Dataset entries:
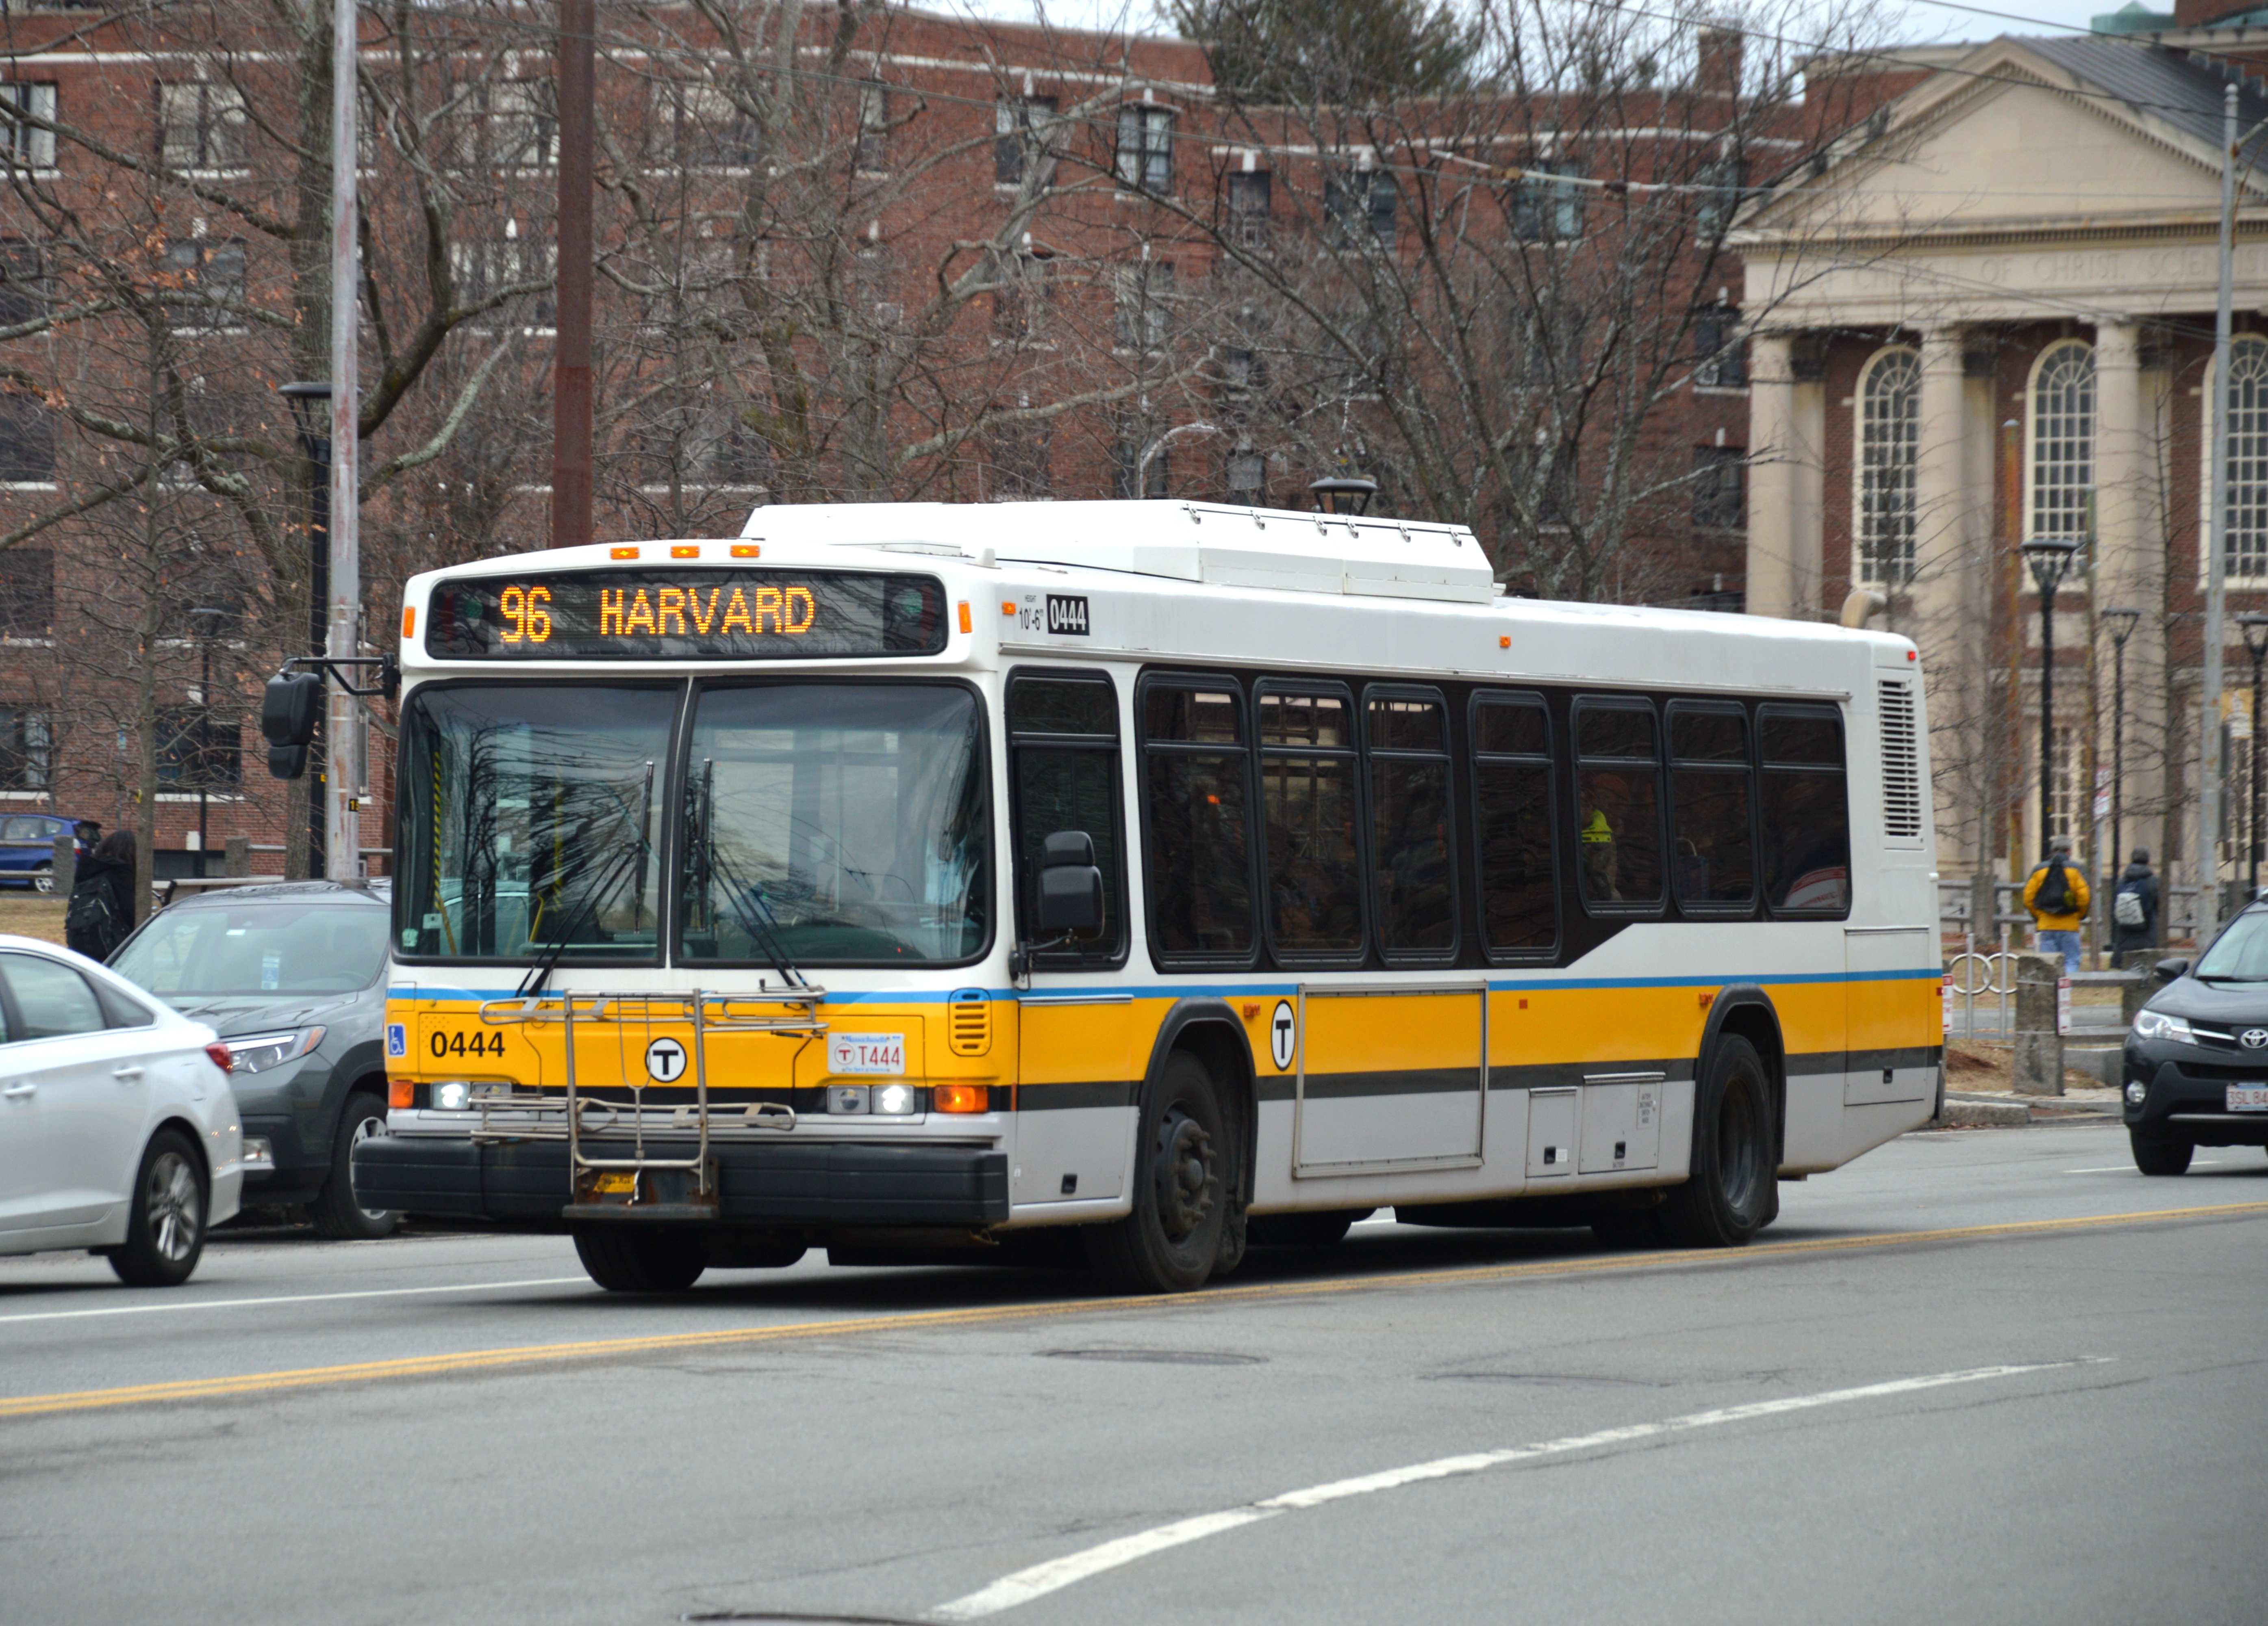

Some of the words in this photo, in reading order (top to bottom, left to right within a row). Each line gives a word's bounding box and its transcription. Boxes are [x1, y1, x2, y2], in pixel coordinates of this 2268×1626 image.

[500, 587, 551, 642] 96
[601, 587, 814, 635] HARVARD
[1050, 598, 1086, 630] 0444
[431, 1030, 505, 1057] 0444
[1275, 1019, 1291, 1059] T
[652, 1050, 678, 1075] T
[858, 1045, 899, 1065] T444

Problem:
Copy out all the records exactly as they read, and omit the pictures.

Solution:
Some of the words in this photo, in reading order (top to bottom, left to right within a row). Each line gives a word's bounding box and its transcription. Boxes are [x1, y1, x2, y2], in pixel coordinates of this 2268×1626 image.

[500, 587, 551, 642] 96
[601, 587, 814, 635] HARVARD
[1050, 598, 1086, 630] 0444
[431, 1030, 505, 1057] 0444
[1275, 1019, 1291, 1059] T
[652, 1050, 678, 1075] T
[858, 1045, 899, 1065] T444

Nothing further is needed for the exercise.